- **WHAT YOU WILL DO**
Repeat, please, exactly the lines from the one that has "this 1920×600 image." through the end of the records below, with pictures dropped.

- **Dataset records**
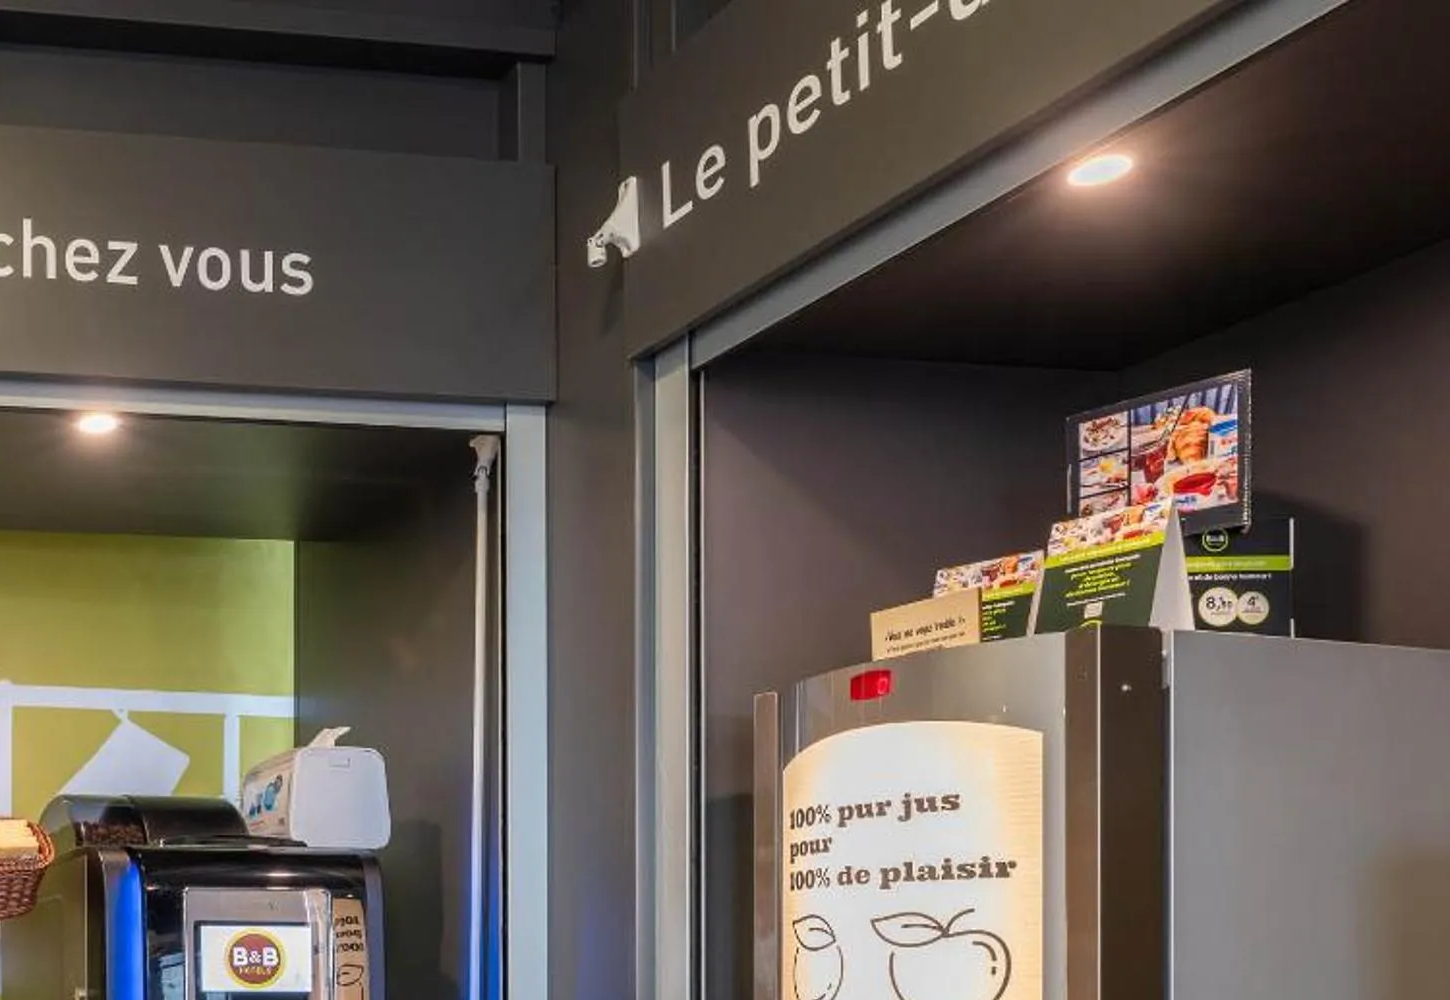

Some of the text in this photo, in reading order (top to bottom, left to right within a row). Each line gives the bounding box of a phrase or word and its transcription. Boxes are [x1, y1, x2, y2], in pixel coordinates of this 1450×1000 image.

[661, 143, 727, 230] Le
[158, 244, 314, 297] vous
[789, 793, 961, 829] 100% pur jus
[789, 836, 833, 864] pour
[789, 855, 1018, 891] 100% de plaisir
[232, 946, 280, 967] B&B
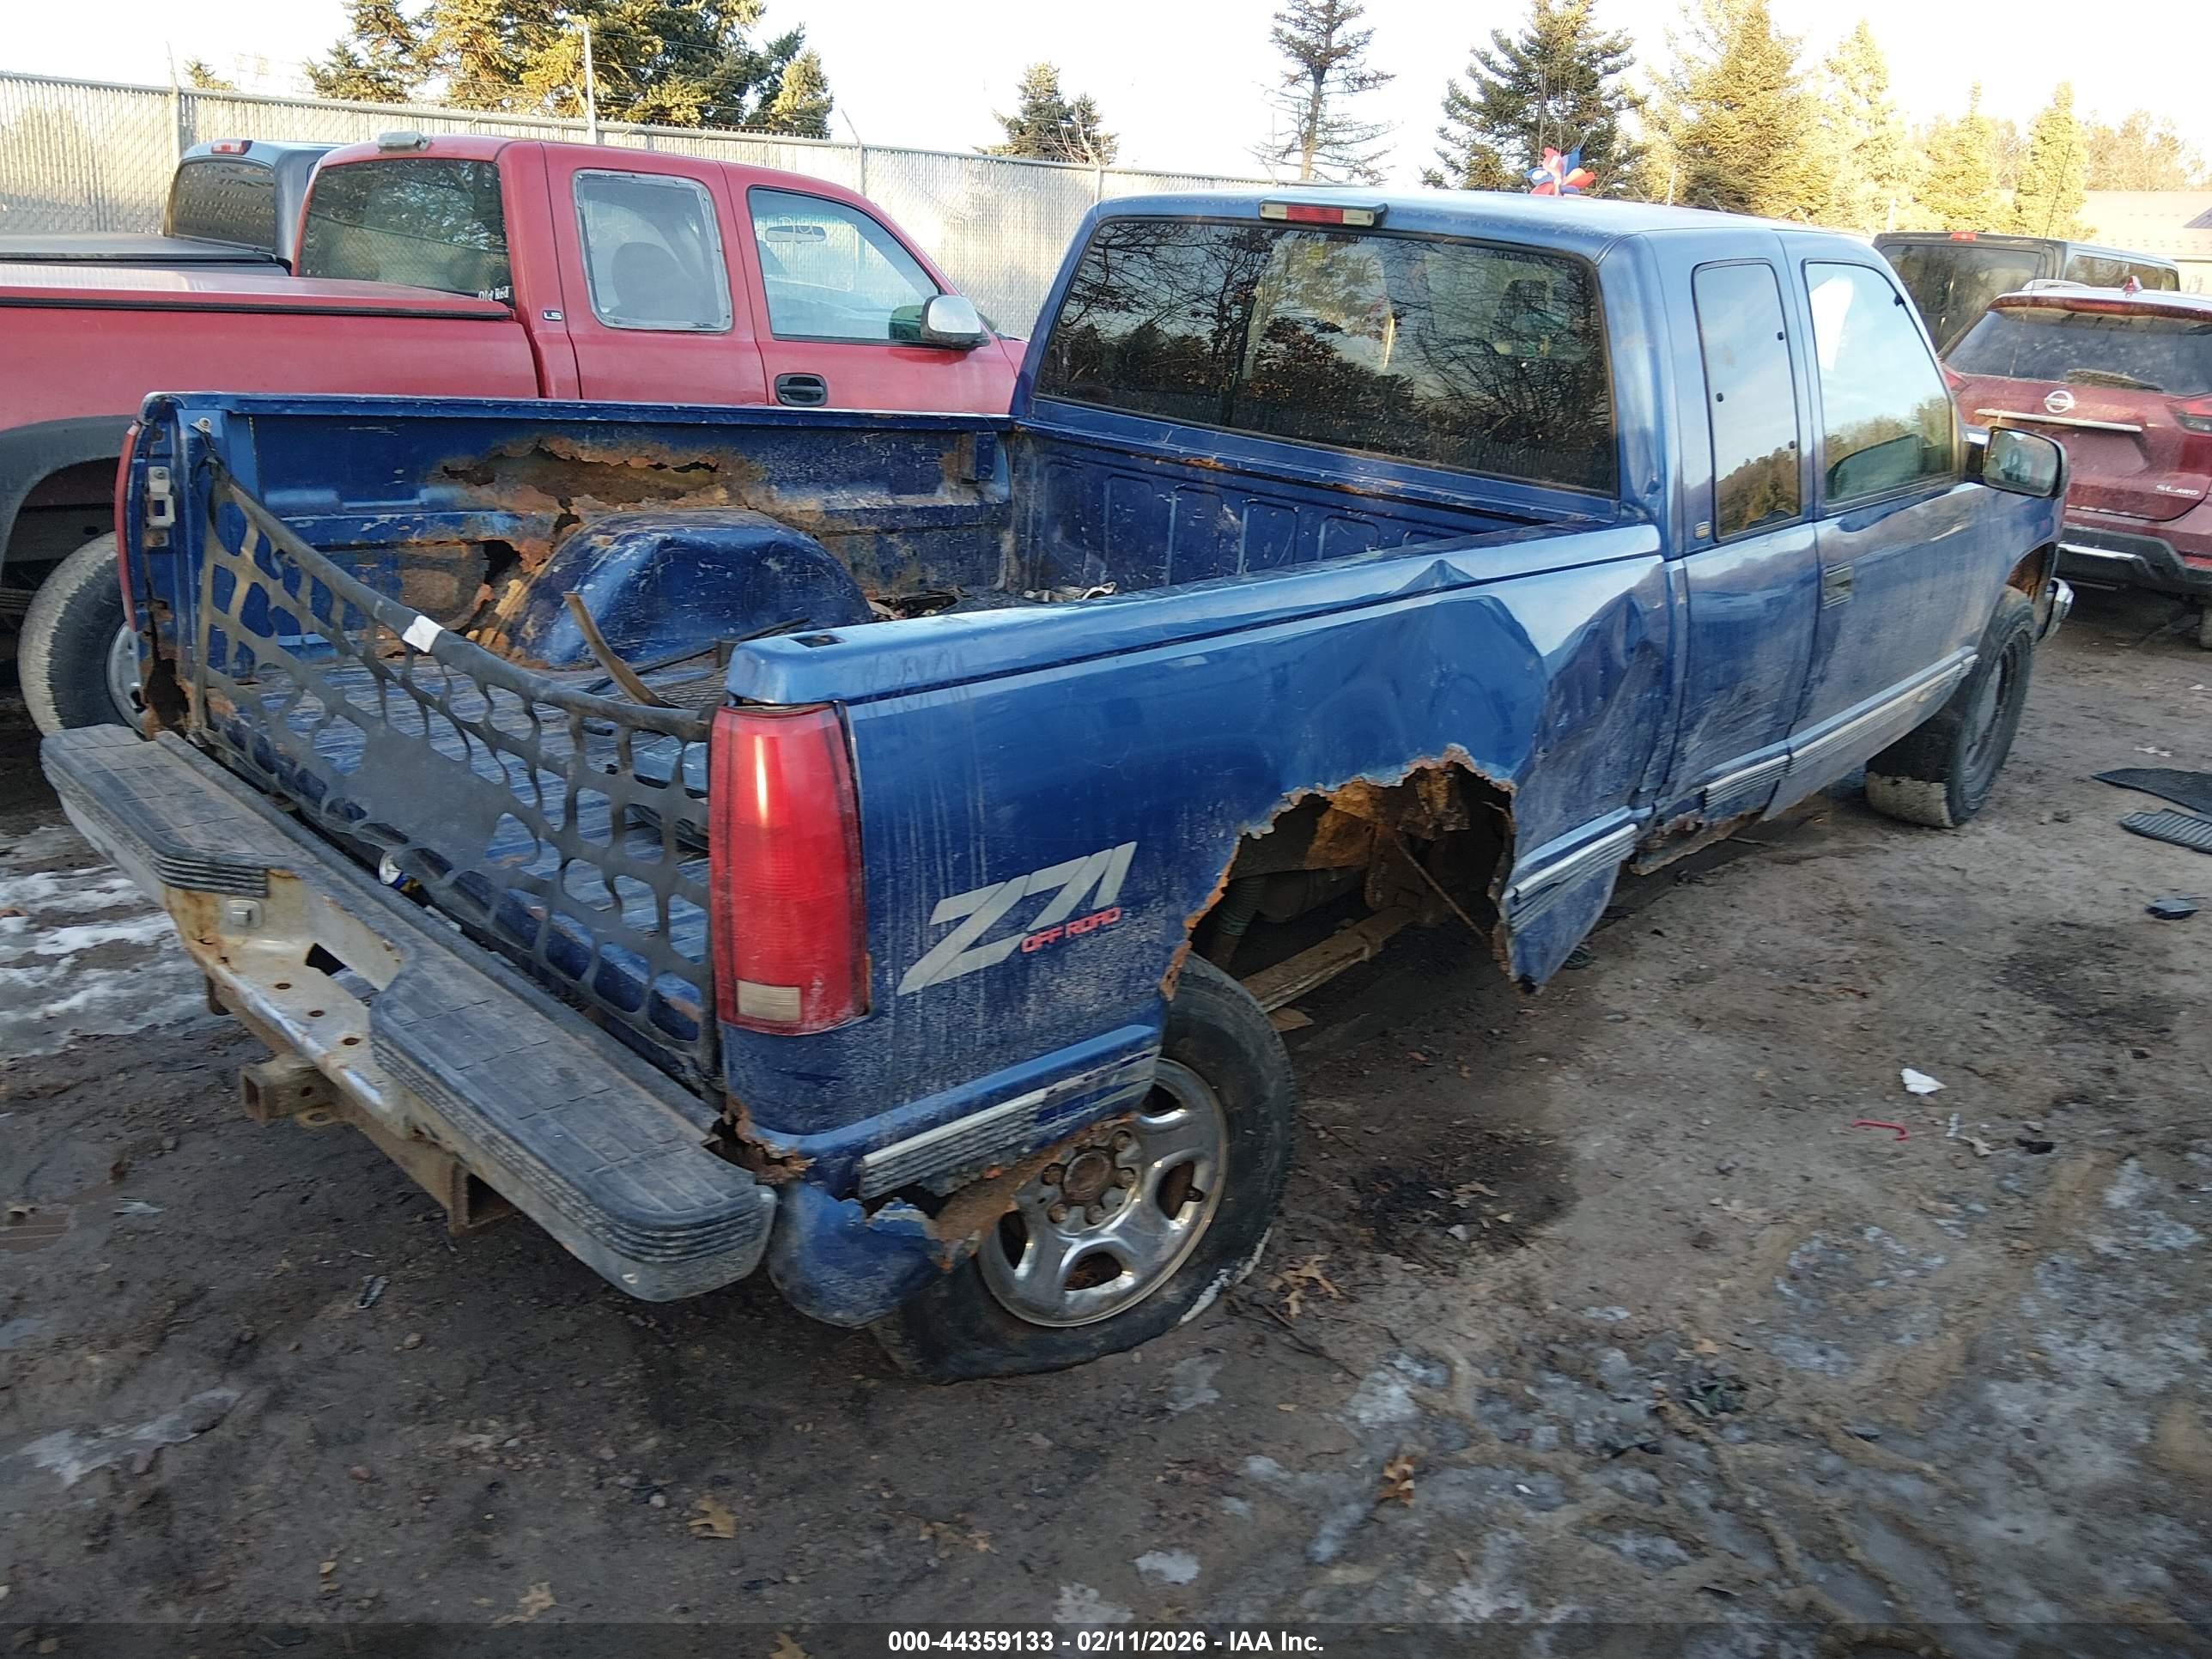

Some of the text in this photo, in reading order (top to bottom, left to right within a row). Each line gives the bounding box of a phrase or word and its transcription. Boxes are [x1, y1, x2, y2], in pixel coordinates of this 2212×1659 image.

[478, 286, 509, 301] Old Red
[544, 311, 562, 321] LS
[896, 841, 1137, 996] Z71
[1021, 906, 1121, 953] OFF ROAD
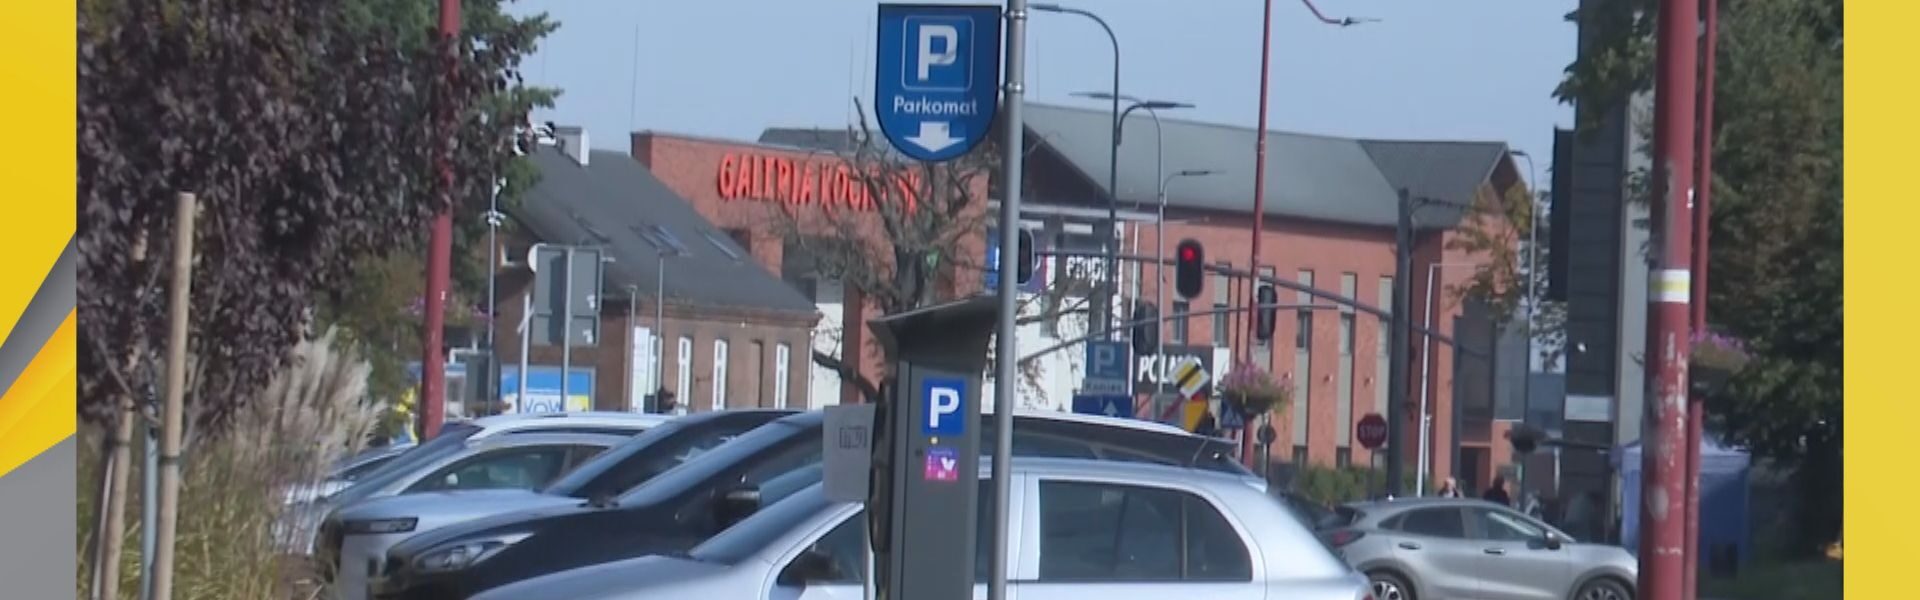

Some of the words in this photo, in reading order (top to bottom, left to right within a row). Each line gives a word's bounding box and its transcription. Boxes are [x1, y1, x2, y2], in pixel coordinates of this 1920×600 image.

[918, 25, 957, 81] P
[894, 95, 978, 115] Parkomat
[719, 152, 813, 205] GALERIA
[1095, 345, 1115, 374] P
[929, 387, 960, 428] P
[1359, 424, 1385, 438] STOP
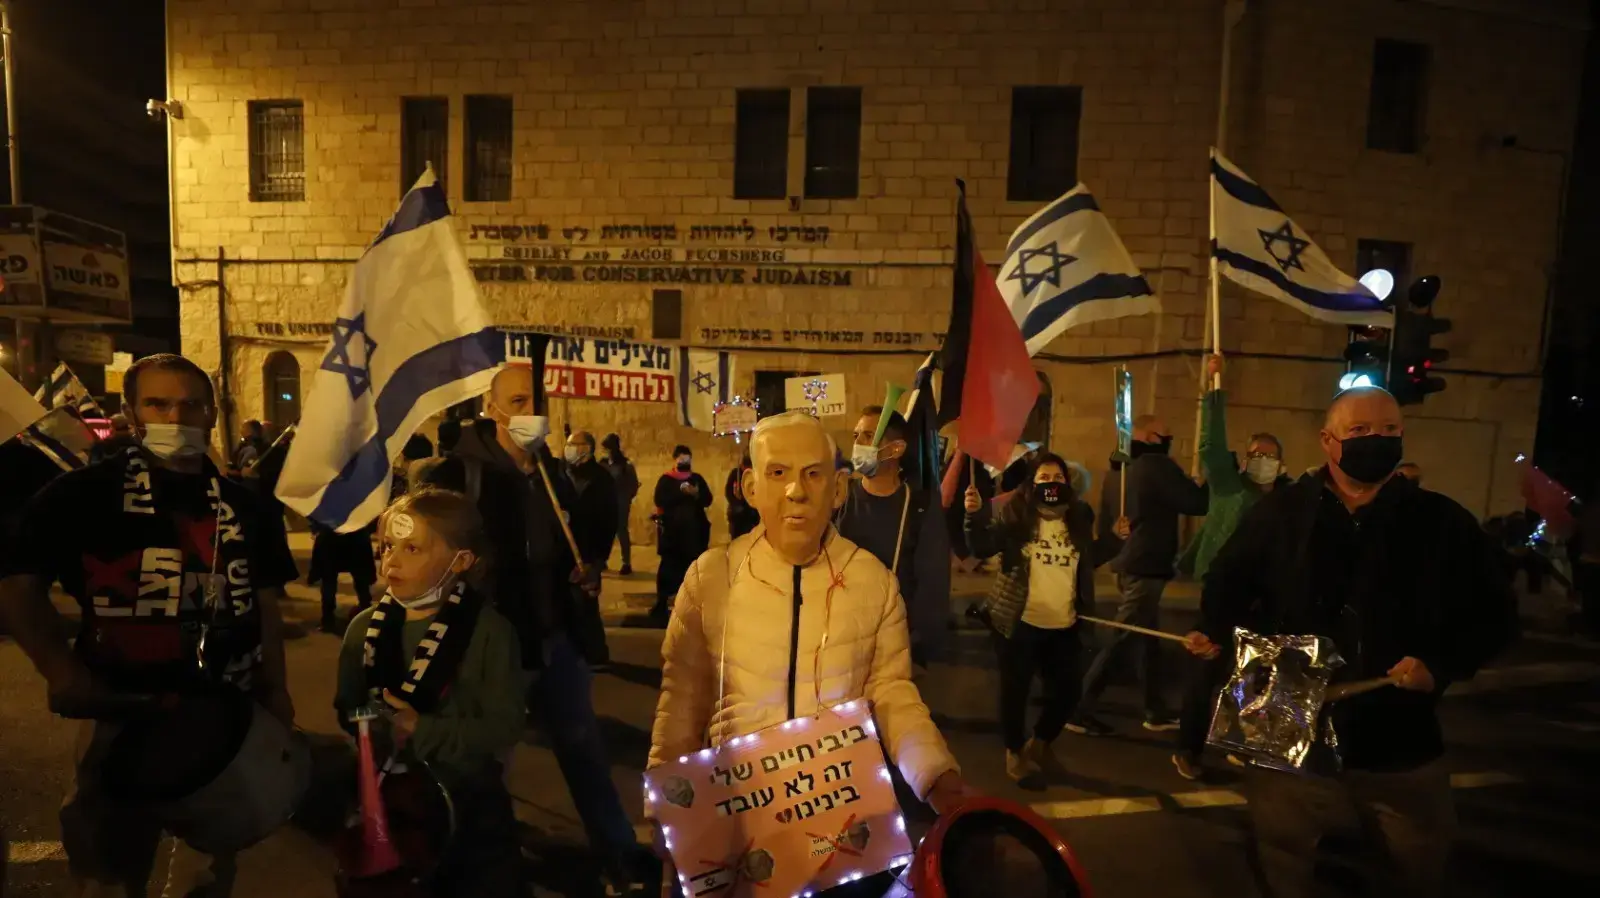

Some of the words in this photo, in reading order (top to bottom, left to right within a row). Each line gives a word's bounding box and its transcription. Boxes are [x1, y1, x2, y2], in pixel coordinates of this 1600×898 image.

- **OUTPUT BELOW**
Some of the words in this photo, in reading order (top to bottom, left to right within a row). Each line gives a word's bounding box and its transcription. Boxes are [x1, y1, x2, y2], in pixel coordinates of this 1920×600 image.

[918, 25, 957, 81] P
[894, 95, 978, 115] Parkomat
[719, 152, 813, 205] GALERIA
[1095, 345, 1115, 374] P
[929, 387, 960, 428] P
[1359, 424, 1385, 438] STOP

Some of the words in this photo, in reading order (top to bottom, left to right within a row). Each line gives a word's bounding box and its transcription. Boxes are [x1, y1, x2, y2], in pixel coordinates of this 1600×898 image.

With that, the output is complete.